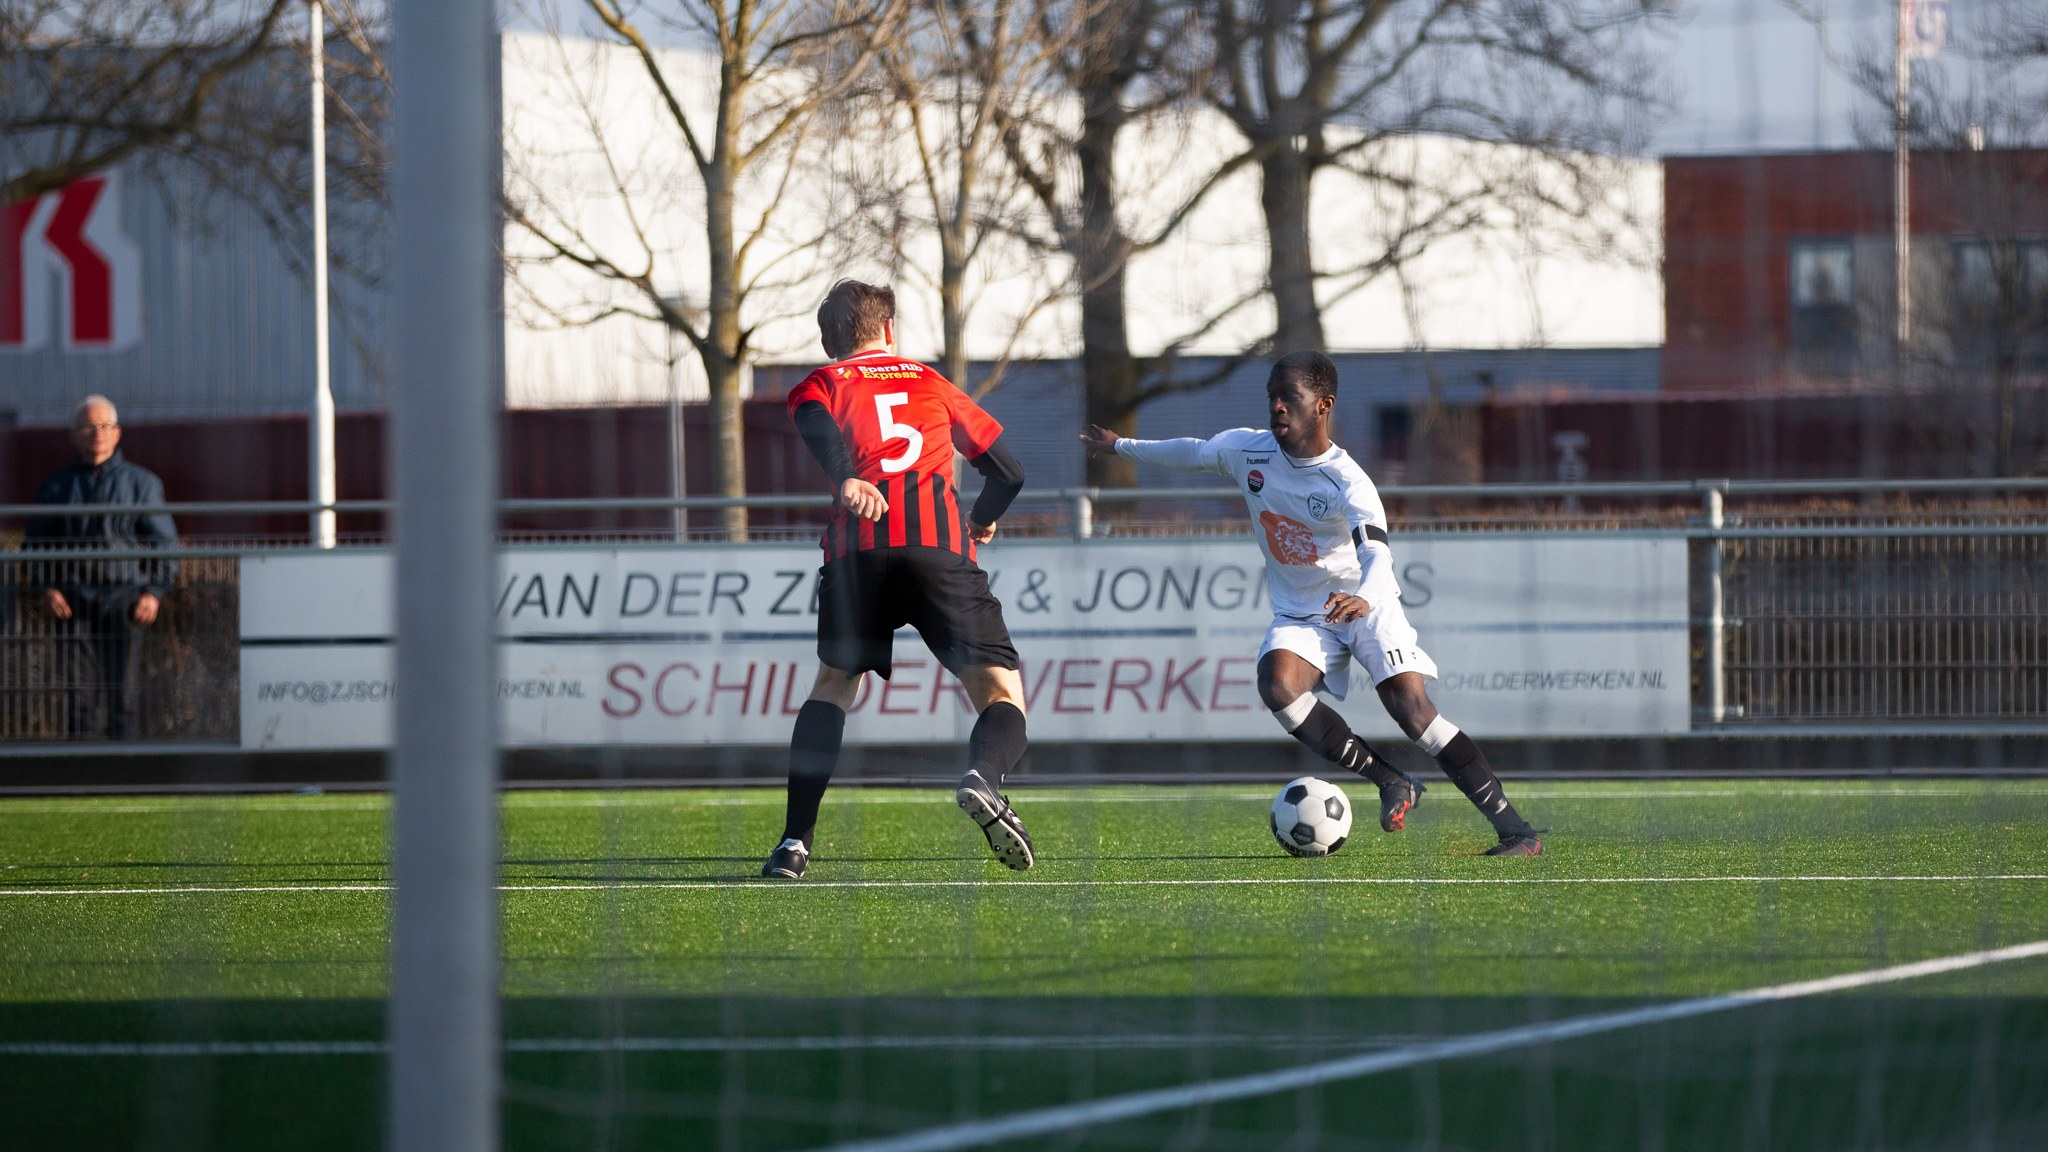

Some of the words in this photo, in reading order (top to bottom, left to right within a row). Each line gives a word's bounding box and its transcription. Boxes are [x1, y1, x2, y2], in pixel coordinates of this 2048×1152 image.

[857, 365, 899, 373] Spare
[899, 363, 924, 372] Rib
[862, 371, 922, 380] Express.
[873, 391, 924, 473] 5
[1246, 457, 1270, 465] hummel
[619, 572, 751, 617] DER
[1016, 567, 1052, 613] &
[1073, 562, 1435, 614] JONGS
[1387, 648, 1404, 666] 11

____

**EXERCISE GOAL:**
Give the entries again exactly, but skip every image.

**REPLY TO THE EXERCISE:**
Some of the words in this photo, in reading order (top to bottom, left to right within a row). Each line gives a word's bounding box and its transcription. Boxes are [x1, y1, x2, y2], in pixel coordinates of this 2048×1152 image.

[857, 365, 899, 373] Spare
[899, 363, 924, 372] Rib
[862, 371, 922, 380] Express.
[873, 391, 924, 473] 5
[1246, 457, 1270, 465] hummel
[619, 572, 751, 617] DER
[1016, 567, 1052, 613] &
[1073, 562, 1435, 614] JONGS
[1387, 648, 1404, 666] 11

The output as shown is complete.